Source records:
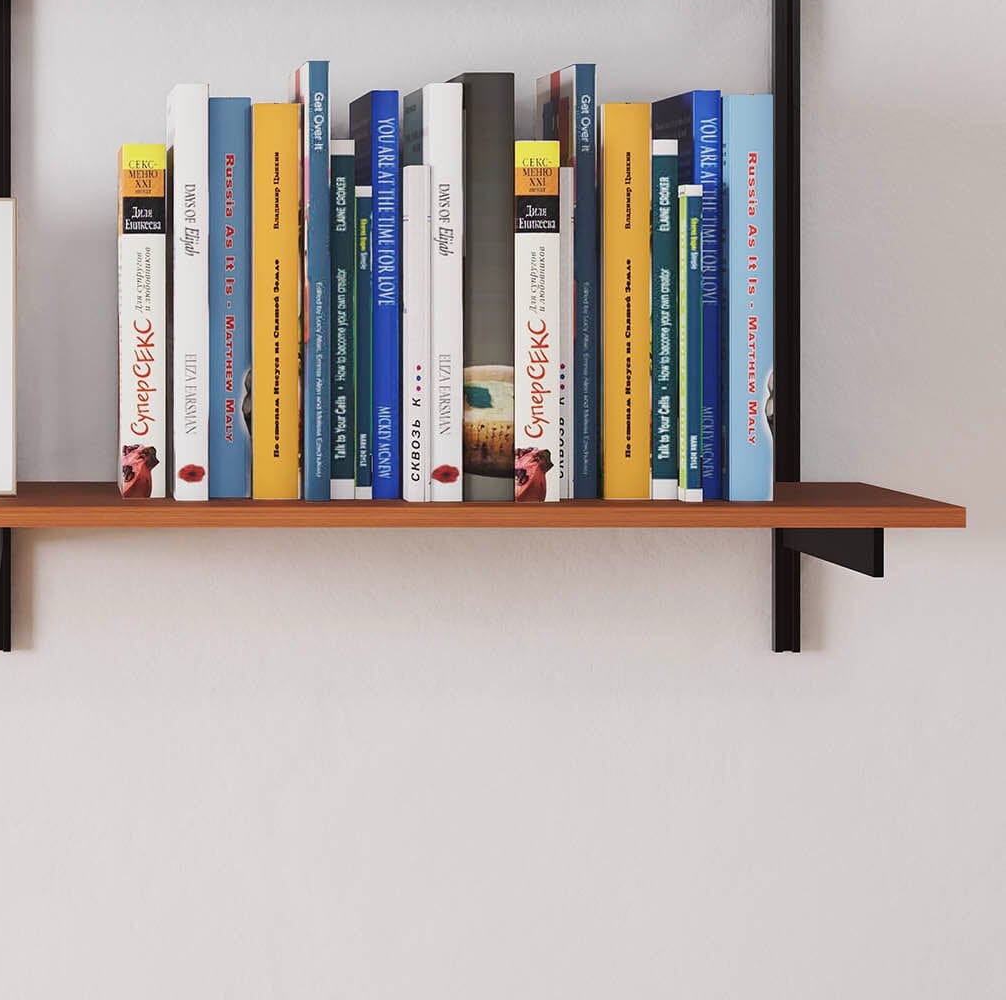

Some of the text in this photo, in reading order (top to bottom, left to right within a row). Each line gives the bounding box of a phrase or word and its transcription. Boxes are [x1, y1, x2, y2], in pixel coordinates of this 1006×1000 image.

[314, 92, 324, 151] Get Over It
[581, 94, 592, 114] Get
[581, 117, 592, 142] Over
[225, 152, 235, 217] Russia
[378, 117, 395, 305] YOU ARE AT THE TIME FOR LOVE
[700, 117, 717, 305] YOU ARE AT THE TIME FOR LOVE
[748, 152, 758, 217] Russia
[179, 183, 200, 257] DAYS OF Elijah
[225, 225, 235, 248] As
[434, 183, 454, 257] DAYS OF Elijah
[748, 225, 758, 248] As
[225, 256, 235, 271] It
[225, 278, 235, 296] Is
[748, 256, 758, 271] It
[748, 278, 758, 296] Is
[131, 319, 156, 436] СуперСЕКС
[185, 353, 196, 434] ELIZA EARSMAN
[439, 353, 450, 434] ELIZA EARSMAN
[525, 320, 552, 438] СуперСЕКС
[378, 406, 392, 441] MICKEY
[410, 419, 420, 482] СКВОЗЬ
[702, 406, 714, 441] MICKEY
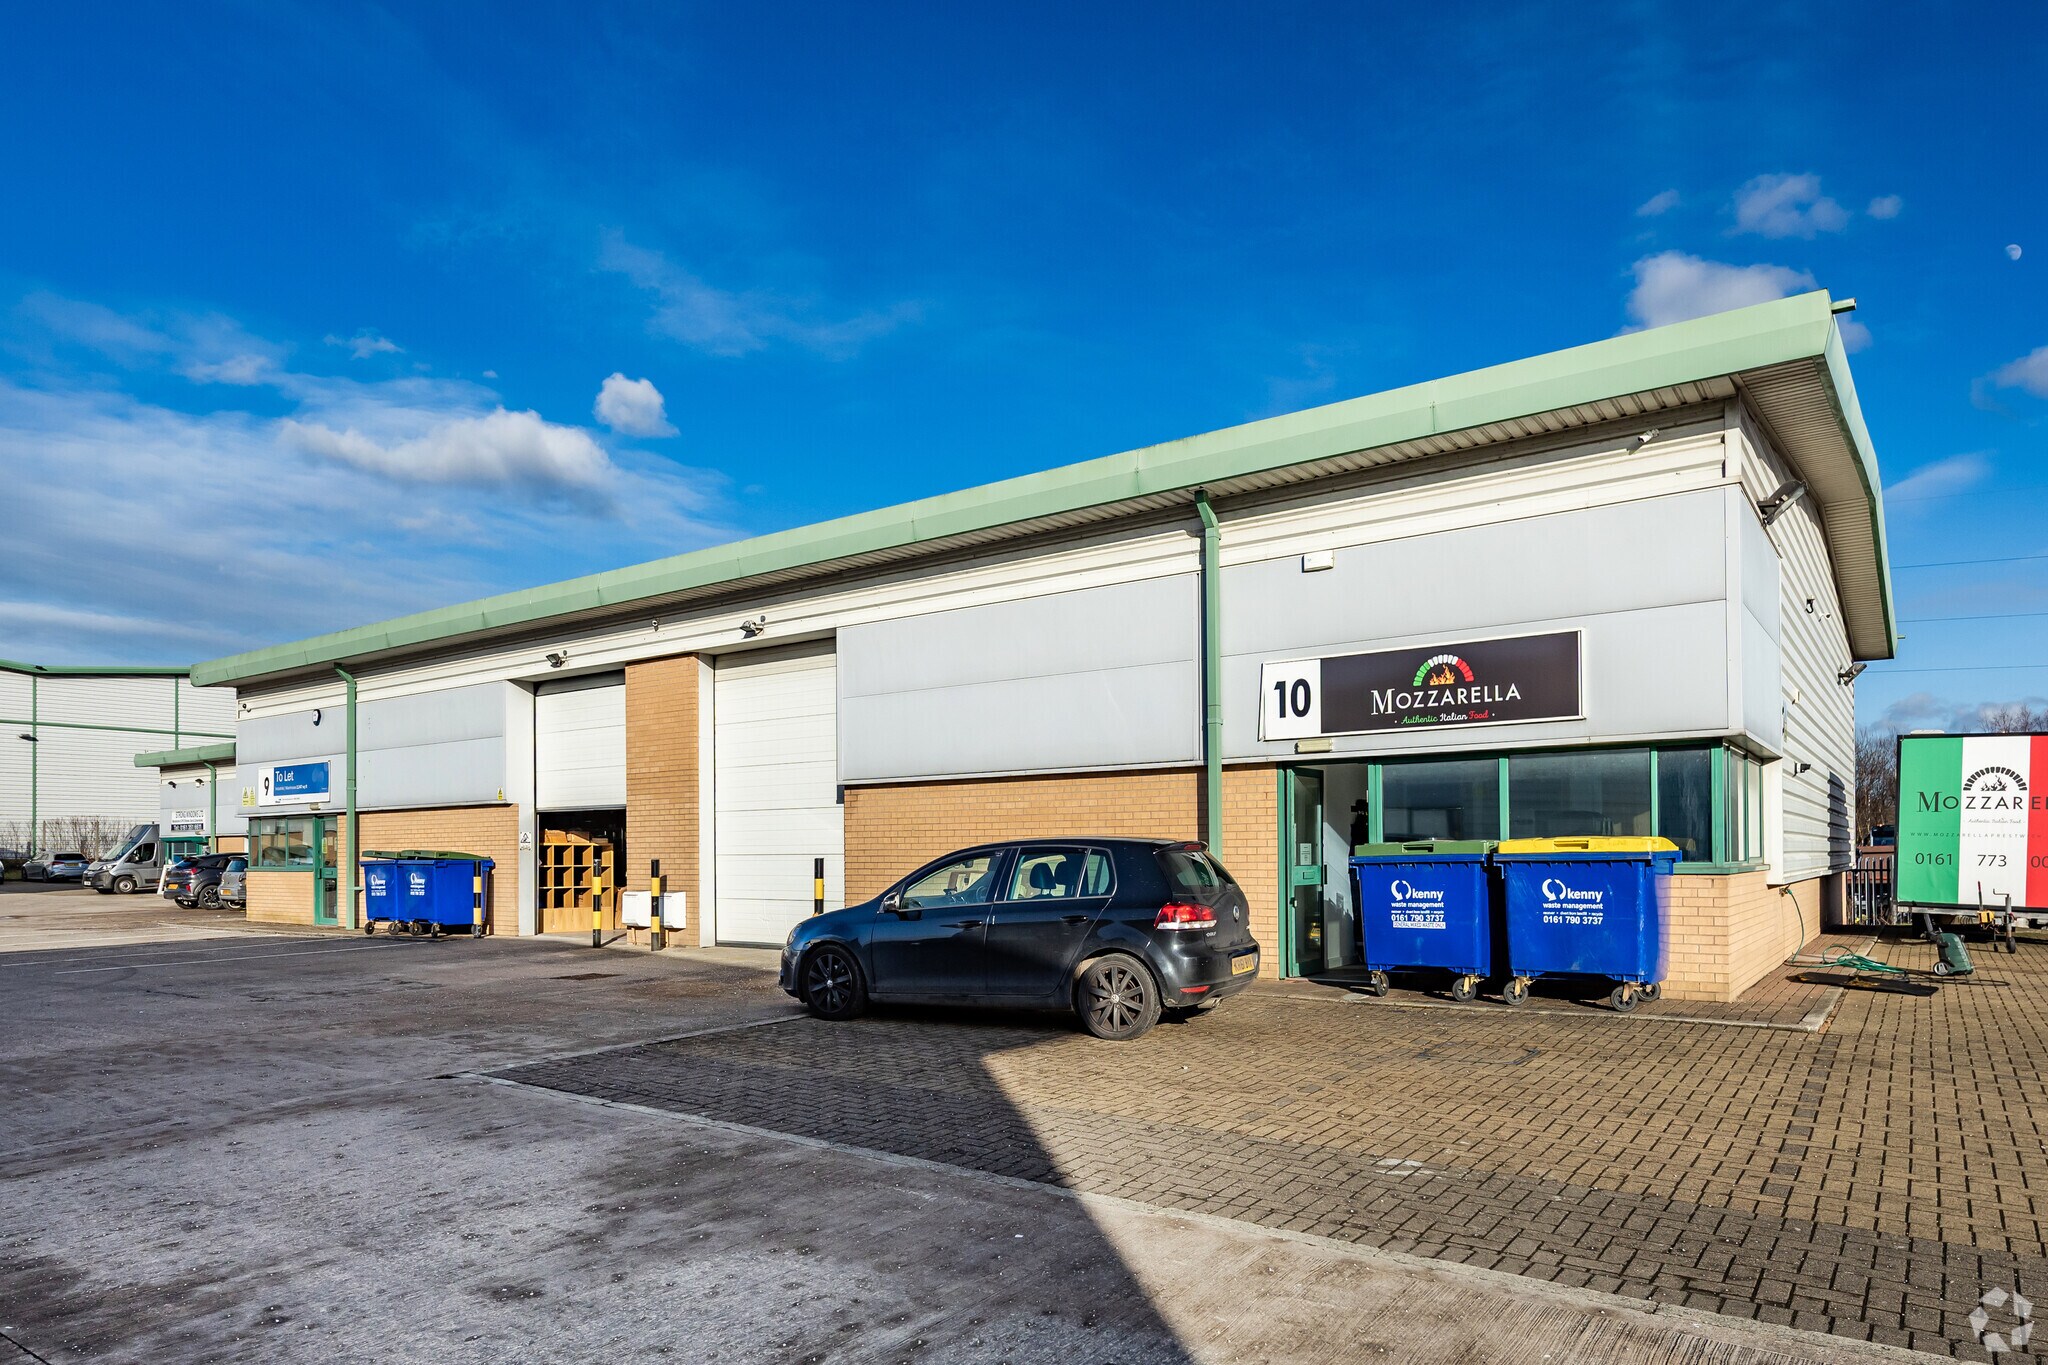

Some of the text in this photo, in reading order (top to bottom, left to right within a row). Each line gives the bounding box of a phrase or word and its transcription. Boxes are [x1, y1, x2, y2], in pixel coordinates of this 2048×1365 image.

**PROMPT**
Reproduce the records in full and leave the images behind.

**EXERCISE ANSWER**
Some of the text in this photo, in reading order (top to bottom, left to right within a row). Each line gives the bounding box of a phrase or word and its transcription. Boxes are [x1, y1, x2, y2], in pixel coordinates of this 1006×1000 image.

[314, 92, 324, 151] Get Over It
[581, 94, 592, 114] Get
[581, 117, 592, 142] Over
[225, 152, 235, 217] Russia
[378, 117, 395, 305] YOU ARE AT THE TIME FOR LOVE
[700, 117, 717, 305] YOU ARE AT THE TIME FOR LOVE
[748, 152, 758, 217] Russia
[179, 183, 200, 257] DAYS OF Elijah
[225, 225, 235, 248] As
[434, 183, 454, 257] DAYS OF Elijah
[748, 225, 758, 248] As
[225, 256, 235, 271] It
[225, 278, 235, 296] Is
[748, 256, 758, 271] It
[748, 278, 758, 296] Is
[131, 319, 156, 436] СуперСЕКС
[185, 353, 196, 434] ELIZA EARSMAN
[439, 353, 450, 434] ELIZA EARSMAN
[525, 320, 552, 438] СуперСЕКС
[378, 406, 392, 441] MICKEY
[410, 419, 420, 482] СКВОЗЬ
[702, 406, 714, 441] MICKEY

Some of the text in this photo, in reading order (top to bottom, left to right within a row). Each line gives the bounding box of a phrase or word and its transcription. Boxes are [x1, y1, x2, y2], in pixel coordinates of this 2048×1365 image.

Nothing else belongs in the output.